The Americans claim a new name is required for Swine Flu. I’m with them, it’s awful. What’s more it undermines the niceness of pigs generally - especially the bacon part. So, what are the alternatives? I guess it has to be something related to the pig family seeing that’s where it originated. Warthogs and Bores are part of the pig family so it could be called the Boring Flu or the Warty Flu. How about the Snorter Flu or Squealer Flu. Maybe the Snout and Trotter Flu.
As it happens I developed a cold a couple of days after we became aware the Swine Flu problem. Subsequently I have felt like a leper in public places. I waiting for people to throw hankies over the noses when they see me sneeze. Perhaps they should anyway? It’s not like other forms of the Flu are more beneficial.
Fear is a powerful thing. It only takes the mention of the word Pandemic and vast numbers of people hit the internet to find out what’s going on and whether we are all going to die. The rest wonder what all the fuss is about. What is a pandemic anyway?
Personally I think there is reason to be concerned, but not because we’re all going to die unexpectedly. The impact of these events tends to be financial and political - being cut off from tourism or meat export is always a problem for New Zealand. What most people fail to understand is that if Swine Flu is a problem, Foot and Mouth would be catastrophic in ways that we can only imagine. International isolation would be immediate. All our exports and travel would cease. As a nation we might as well live on Mars. It’s that bad.
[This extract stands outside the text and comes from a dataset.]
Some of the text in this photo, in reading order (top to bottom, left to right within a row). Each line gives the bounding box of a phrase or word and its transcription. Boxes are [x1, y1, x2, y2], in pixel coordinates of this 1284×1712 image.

From time to time these “germ” events come our way. There’s no avoiding them, only preparing for them. Yet what is it that frightens people about germs and bacteria and viruses? For reasons beyond my design ability we need them as much as they need us. Yet we regularly buy bottles of liquid to spray on everything to kill the threat. There’s a strange irrationality to our behaviour though: as we rush to clean the kitchen bench-top of killer bugs on a weekday morning, we are at greater risk of being maimed on the way to work.
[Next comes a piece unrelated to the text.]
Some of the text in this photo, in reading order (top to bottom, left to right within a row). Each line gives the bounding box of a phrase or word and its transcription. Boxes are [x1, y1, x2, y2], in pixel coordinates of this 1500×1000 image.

Perhaps it’s just a fear of the new - a new disease, a new insect or some other “thing” that represents a perceived threat. Oddly enough it can also be another person. Just as bugs threaten our existence and livelihood, so do people. Have you ever considered that we often have the same reaction to intimidating people as we do viruses? Just as we can’t rid ourselves of viruses we can’t rid ourselves of unfamiliar individuals. As with viruses, we need to become stronger to live with them.
The writer of the psalms claimed that one person will always sharpen another. It’s a different way of being. Where I might see a new threat, God is offering a new strength. One requires running or defeating, the other, understanding.